A: The following list represents the most common conditions that can lead to a high-risk pregnancy, but note that not all women with these conditions will have a high-risk pregnancy.

Diabetes. If you have diabetes before you become pregnant, you will likely be referred to a maternal-fetal medicine specialist to monitor your condition and determine the proper medications. Preconception counseling is ideal. Developing diabetes during pregnancy (gestational diabetes) is very common, and your obstetric provider will likely be able to care for you without a maternal-fetal medicine consult. If a maternal-fetal medicine specialist is consulted for gestational diabetes, he or she will follow your baby’s growth and well-being, and manage your health with nutrition counseling, glucose monitoring and, possibly, medications.
Pre-eclampsia. Pre-eclampsia is a condition unique to pregnancy where you have high blood pressure in conjunction with protein in your urine and edema (swelling of the skin). In some women with pre-eclampsia, liver or platelet abnormalities are present.
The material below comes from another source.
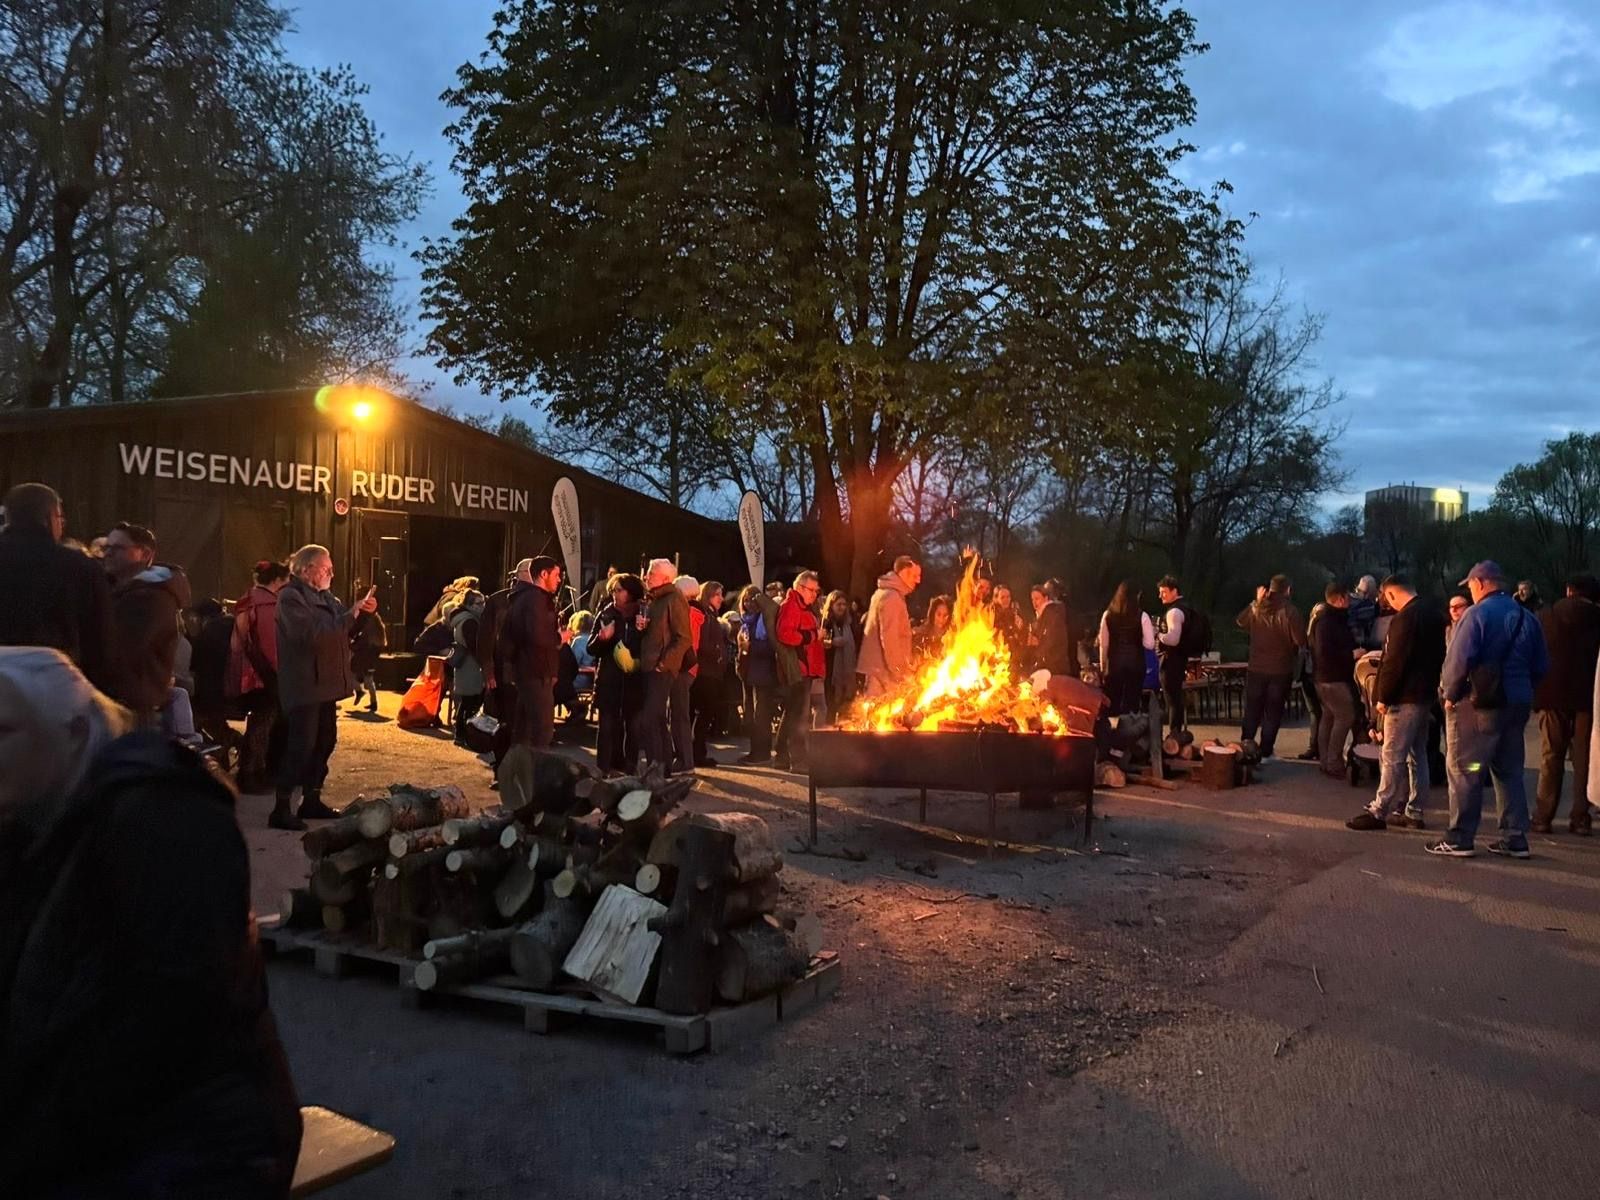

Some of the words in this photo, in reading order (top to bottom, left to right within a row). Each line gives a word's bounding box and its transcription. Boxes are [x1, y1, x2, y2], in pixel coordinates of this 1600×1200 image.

You may be referred to a maternal-fetal medicine specialist depending on the severity of your disease or if you are preterm. “The only treatment for pre-eclampsia is delivering your baby,” explains Henderson, “so this is a condition that requires very close monitoring to balance maternal complications against the risks of delivering your baby early.”
Hypertension. If you have hypertension before pregnancy, a maternal-fetal medicine specialist will monitor your baby’s growth and may be consulted if problems arise. Some medications commonly used outside of pregnancy to treat hypertension are contraindicated in pregnancy.
Multiples. Pregnancies with twins or higher-order multiples have a greater risk of complications. Women with multiple pregnancies are more likely to develop pre-eclampsia or go into preterm labor. Twin pregnancies have a higher risk of fetal anomalies and growth problems, especially if they share a placenta. If you have a multiple pregnancy, a maternal-fetal medicine specialist will closely monitor the pregnancy by performing additional ultrasounds. The maternal-fetal medicine specialist will recommend how and when your babies should be delivered. “If you remain healthy and the growth of your babies is normal and without complications, you may continue to see your Ob/Gyn,” says Henderson, “or you may prefer to be seen in a specialty multiples clinic.”
Sexually transmitted diseases (STDs). In general, your obstetric provider can treat you for sexually transmitted diseases that may occur during pregnancy or if there is a pre-existing STD, such as herpes. In certain cases, consultation with a maternal-fetal medicine specialist will be required. For example, if you are being treated for syphilis and an ultrasound shows that your fetus may be affected, a maternal-fetal medicine specialist will provide further care and management. Women with HIV are also generally cared for by maternal-fetal medicine specialists because the medication regimens are complex.
Obesity. Women who are obese have a greater risk of developing diabetes, hypertension and pre-eclampsia during pregnancy. “Obesity is the one of the only health conditions affecting pregnant women that can be changed before pregnancy, which is why maternal-fetal medicine specialists encourage women to lose weight through healthy strategies,” explains Henderson. “The Johns Hopkins Nutrition in Pregnancy Clinic works with obese women during pregnancy to optimize the health of mothers and their babies.”

Q: Will all my future pregnancies be high risk?

A: Having one high-risk pregnancy does not mean that all your future pregnancies will be deemed high risk as well. You may have a fetal complication occur in one pregnancy that wouldn’t in another, and certain health conditions may change over time.

However, if you have had a pregnancy that ended in preterm delivery, you are at greater risk of having preterm labor during your next pregnancy. If this occurs, your obstetric provider will manage your pregnancy using medication, and a maternal-fetal medicine specialist will monitor your cervical length with ultrasound surveillance.

Ultimately, the most important thing to remember about having a high-risk pregnancy is that your maternal-fetal medicine specialist and Ob/Gyn have the knowledge and experience required to keep you and your baby as healthy as possible.